Hallo an alle!
Ich frage heute quasi "im Auftrag". Die Suchfunktion hat mir auch keine weiteren Ideen ausgespuckt.
Ich hoffe hier fällt jemandem noch etwas ein:
Eine Arbeitskollegin mit nierenkranker, alter Katze (ca. 14), die nur Trockenfutter frisst, hat das Problem, dass diese Katze nur noch etwas trinkt, wenn sie ihr den Napf frisch gefüllt vor die Nase setzt. Es stehen einige Schüsselchen in der Wohnung verteilt, es wird Wasser über einen Trinkbrunnen angeboten, sogar mit Katzenmilch "angereichert" - die Katze trinkt einfach selbstständig nichts mehr. Außer eben der Napf wird ihr vor die Nase gesetzt, und auch nur mit frischem Wasser aus der Leitung.
Ich habe ihr gesagt, sie könnte mal ein bisschen Kamillentee mit ins Wasser tun, vielleicht geht dann ja etwas.
Was denkt ihr? Gibt es noch weitere Tipps um die Katze (bei der es ja äußerst wichtig wäre, viel zu trinken) zum Trinken zu bekommen?

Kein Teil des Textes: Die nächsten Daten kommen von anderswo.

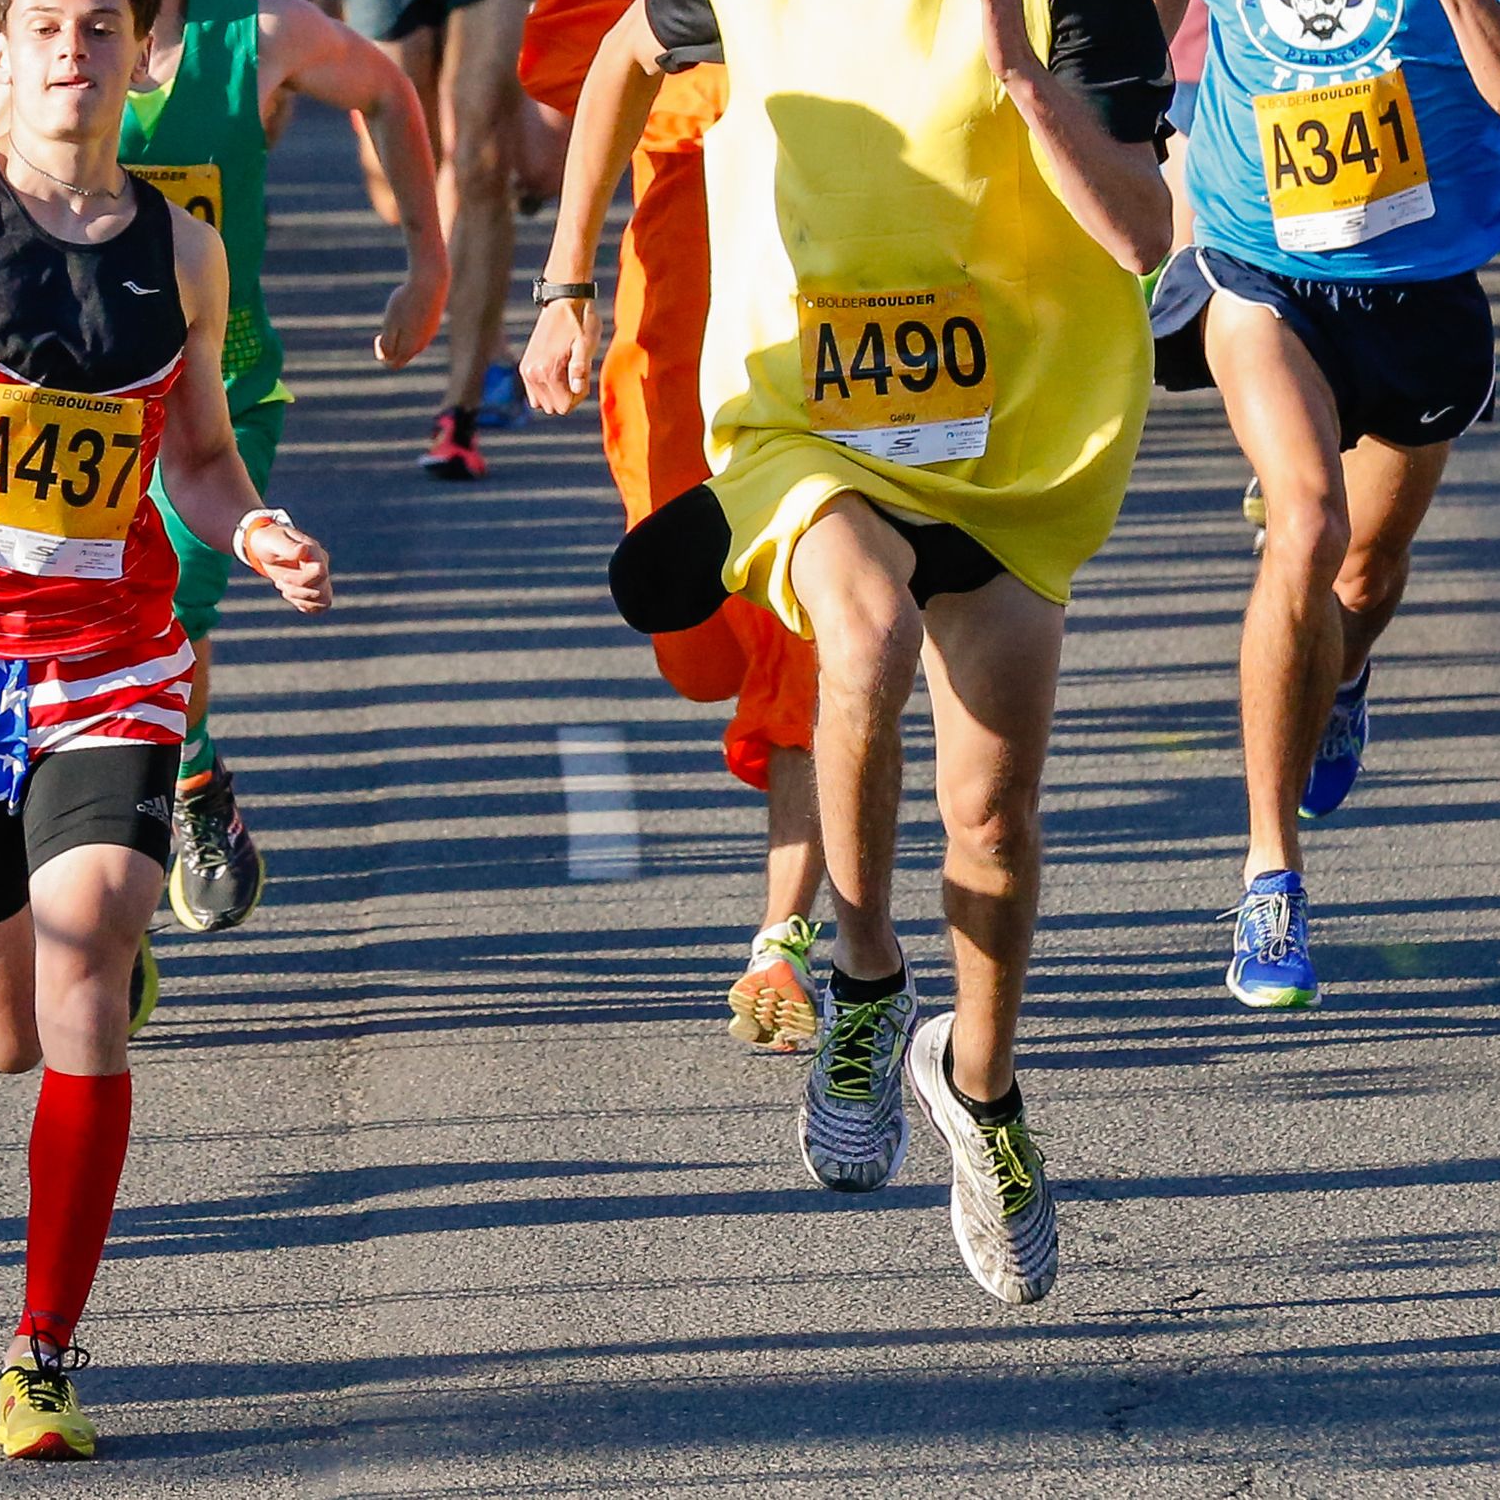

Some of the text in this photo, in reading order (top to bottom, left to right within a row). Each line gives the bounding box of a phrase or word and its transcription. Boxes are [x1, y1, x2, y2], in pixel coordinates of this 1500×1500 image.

[1284, 37, 1371, 65] PIRATES
[1268, 84, 1372, 109] BOLDERBOULDER
[1272, 98, 1410, 190] A341
[816, 293, 936, 309] BOLDERBOULDER
[813, 315, 987, 401] A490
[2, 389, 123, 415] BOLDERBOULDER
[889, 412, 916, 423] Goldy
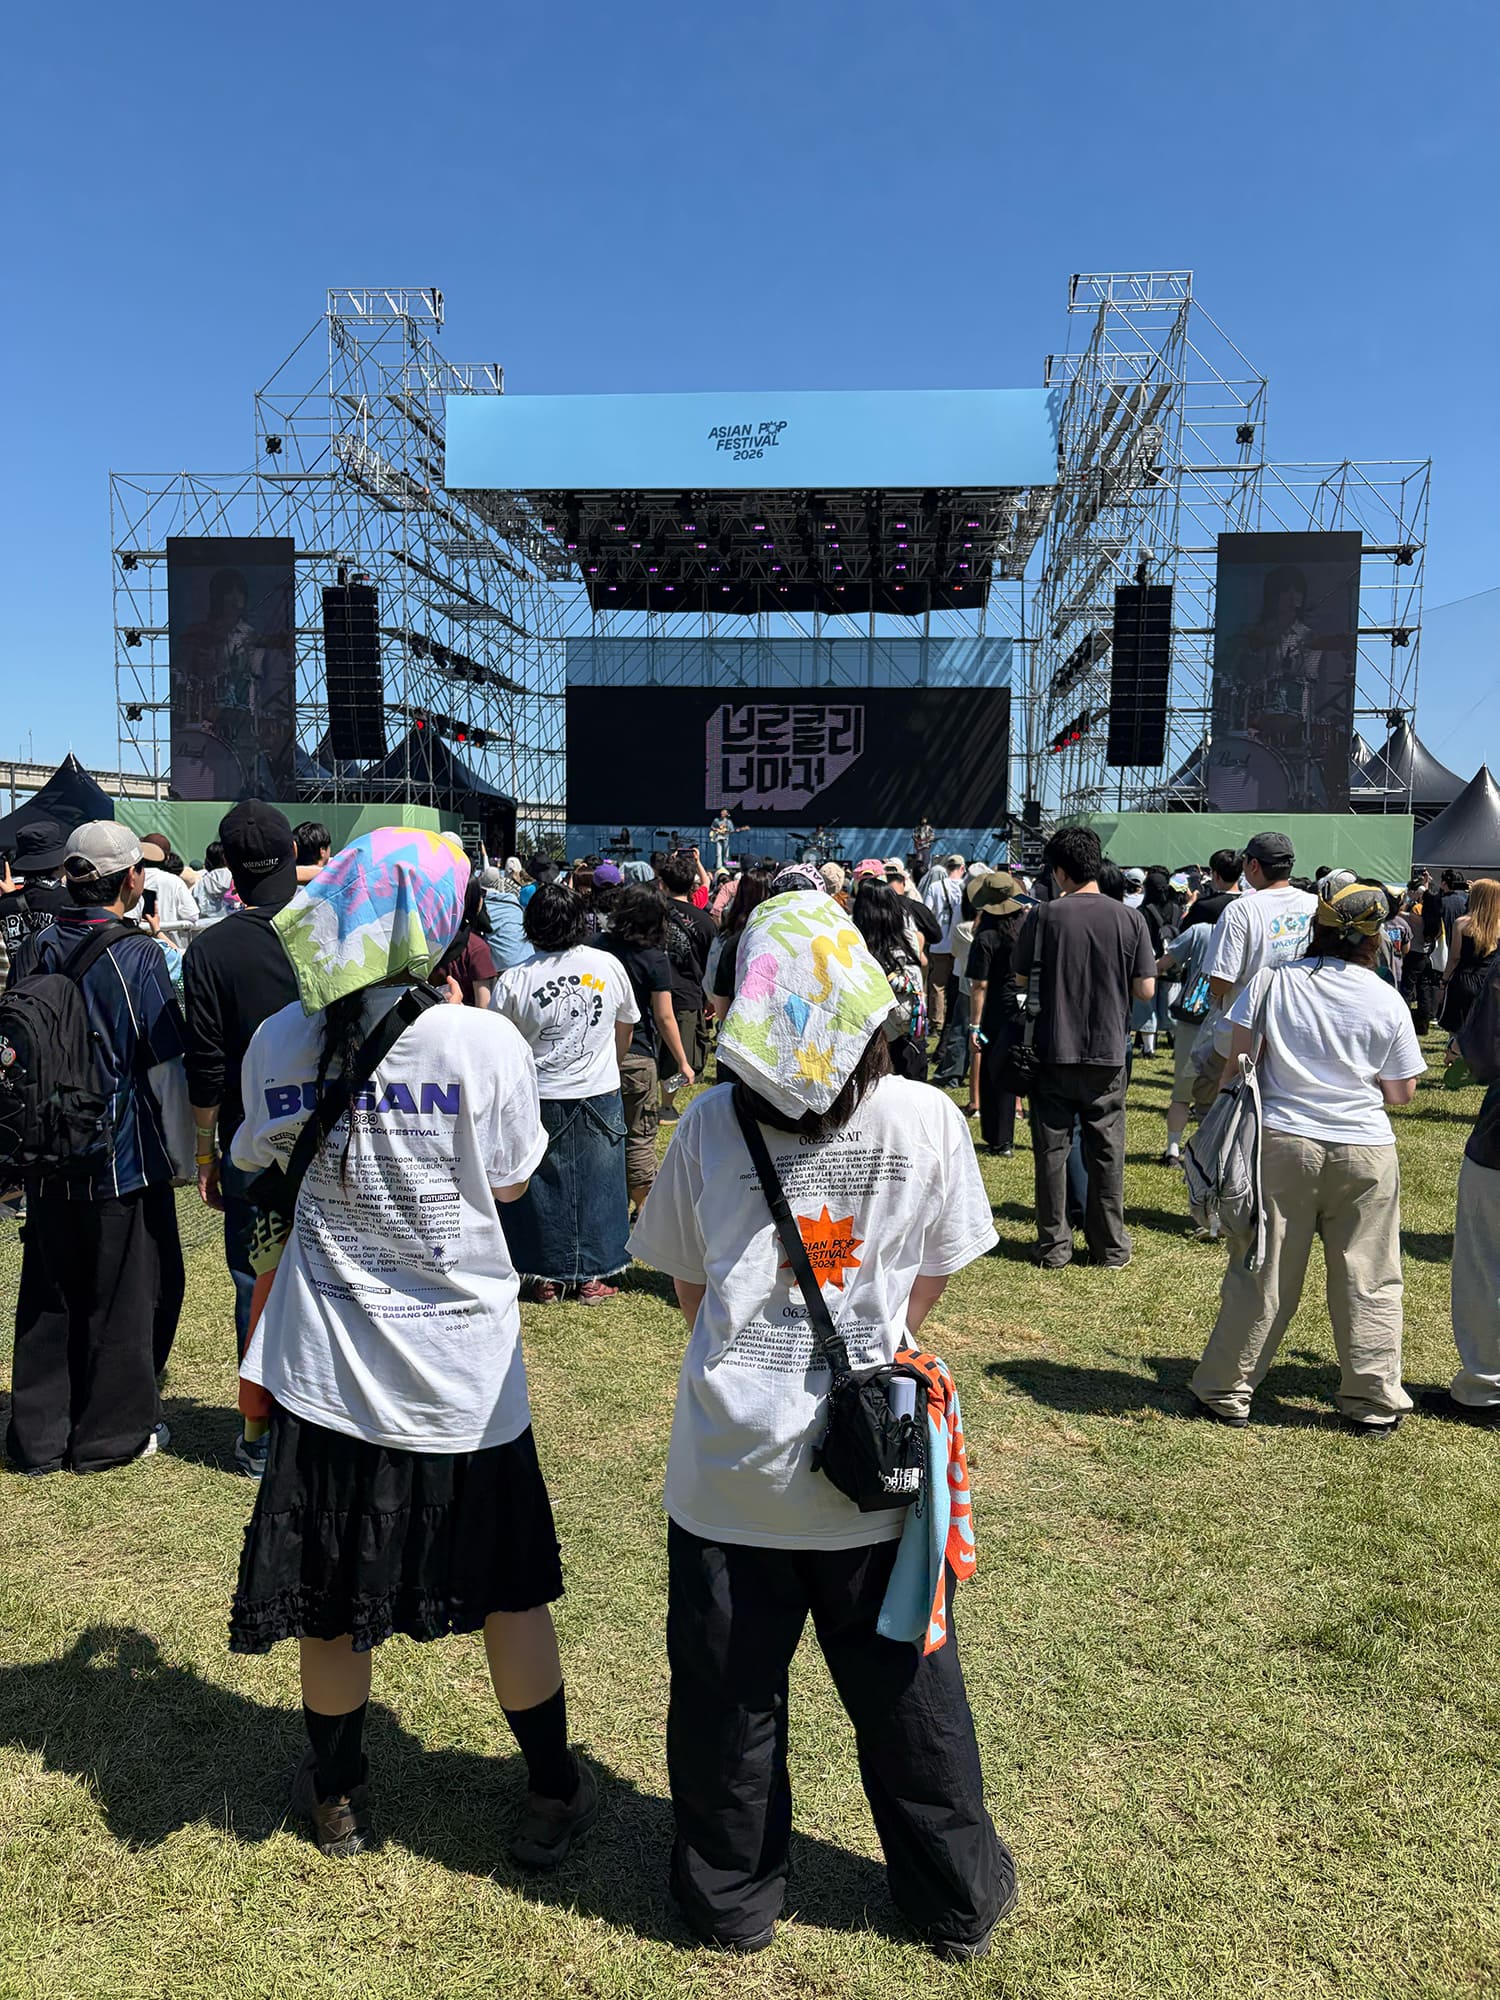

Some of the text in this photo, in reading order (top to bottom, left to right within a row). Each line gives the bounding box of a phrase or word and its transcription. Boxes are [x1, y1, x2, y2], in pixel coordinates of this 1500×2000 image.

[708, 420, 788, 440] ASIAN POP
[716, 434, 780, 451] FESTIVAL
[733, 449, 764, 461] 2026
[720, 757, 826, 794] 너마저
[362, 1128, 388, 1136] ROCK
[389, 1129, 440, 1137] FESTIVAL
[799, 1131, 863, 1146] 06.22 SAT
[356, 1193, 460, 1203] ANNE-MARIE SATURDAY
[832, 1239, 856, 1250] POP
[363, 1303, 406, 1312] OCTOBER
[439, 1308, 470, 1318] BUSAN

Kann es sein, dass sie eine Art "Demenz" hat, sie also vergisst, wozu die Schüsseln und der Brunnen sind und sie deshalb nicht mehr trinkt, sondern nur noch dann, wenn sie quasi durch das Hinstellen der Schüssel durch den Menschen erinnert wird?
Übrigens, wenn es ihr dann hingestellt wird, trinkt sie richtig viel, hat also offensichtlich dann auch durst.
Mir fällt kein weiterer Rat mehr ein. Und auch keine Lösung des Problems.
Ansonsten ist die Katze fit, spielt, frisst, sieht gut aus, alles wie immer. Und den ganzen Tag kann natürlich keiner da sein, der ihr oft genug das frische Wasser aus der Schüssel anbietet.
Kann da noch was anderes dahinterstecken? Krankheiten? Soll sie die Katze dem Tierarzt vorstellen? Oder meint ihr das ist eine Marotte, die sich jetzt festprägt?